The wedding ring is a symbolism of many unending promises; love, and commitment. The ring has been a symbol of many things to many people. First of all, the ring is created of a material that will never tarnish, symbolizing your love as it is today will stay forever untarnished. The ring is created also in a perfect circle; it has no end, signifying that your love for each other will remain forever, without end.
 
The ring is, of course, a universal sign to the outside world that the wearer is committed to another. To the individual, the ring provides a tangible reminder of the marriage union and the promises that have been made. Whether or not you're wearing a ring is one of the first things people notice when they meet you and they'll often make assumptions about your availability and your commitment to your marriage based on the ring's presence or absence.
 
Your ring is a daily reminder to you that every decision you make will impact your spouse in some way.

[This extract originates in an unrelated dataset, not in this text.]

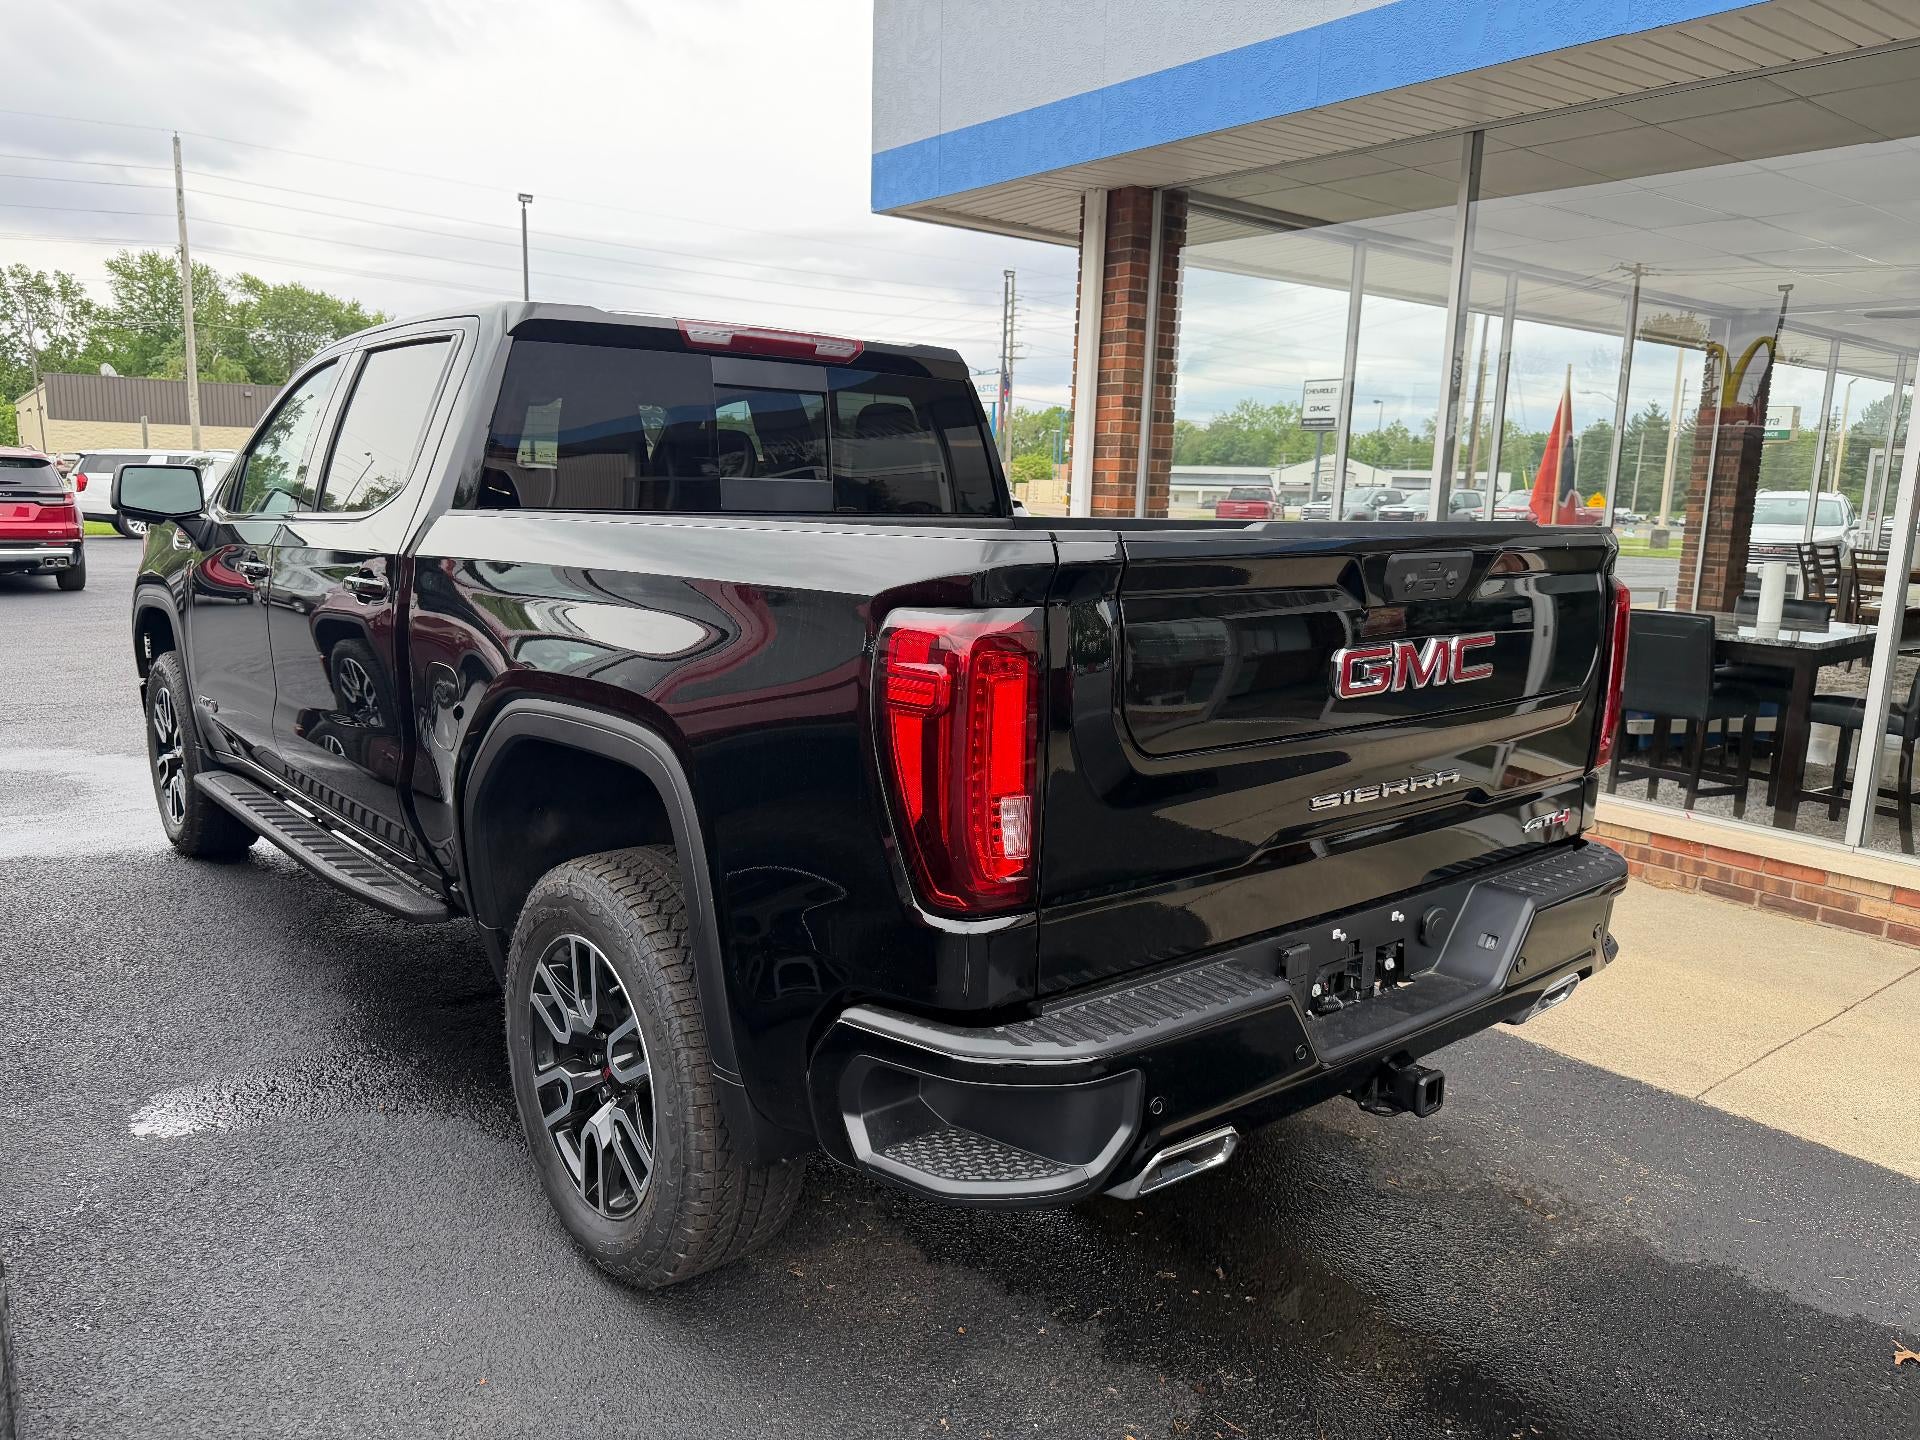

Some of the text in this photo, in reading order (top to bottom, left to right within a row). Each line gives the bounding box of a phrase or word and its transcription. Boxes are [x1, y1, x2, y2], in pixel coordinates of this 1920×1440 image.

A ring is a tangible symbol of the permanent place your spouse should hold in your heart, your schedule and every part of your life. From the moment you said, "I do," every aspect of your life is now connected to your spouse. You're "One" according to the Bible. Everything you do with your time, your words, your money, etc. will impact him/her in some way so the ring is a simple reminder that everything you touch will touch your marriage.
 
A ring is a symbol of respect for your spouse. Respect in marriage isn't measured only by what we say. It's often the silent acts and actions that speak the loudest. Respect in marriage is communicated constantly, since marriage is a constant relationship. The ring is one simple way to communicate that respect especially when your spouse has asked you to wear it and/or communicated that it's important to them. If your spouse has asked you to wear it, and you consistently deny their request, then you are consistently communicating disrespect and disregard for his/her feelings.
 
Your ring is a first line of defense against infidelity. A ring isn't a fail-proof safeguard against infidelity, and it's certainly a simple first line of defense. Wearing a ring faintly communicates the message that, "I'm married. I'm committed. My marriage matters to me." If you're trying to be "married undercover" by keeping your marital status a mystery in public, that's not healthy.
 
Your ring is a visible symbol to your kids that your marriage matters. If you have children, one of the most important lessons you can teach them is what a marriage should look like. Have the kind of marriage that makes them want to get married someday! Show your kids the beauty of a husband and wife committed to each other in both public and private. This requires much more than just a ring, but the ring will be something they notice and it can provide opportunities for you to talk about why you wear it and what it represents.
 
Many would urge that my wife/husband knows I'm committed down to the last breath I take but, what about everyone else? You can't see their heart and they can't see yours. God looks on the heart, we're told in 1 Samuel 16:7, but man looks on the outward appearance. What else do we have to go on? So wear your wedding ring and without uttering a word.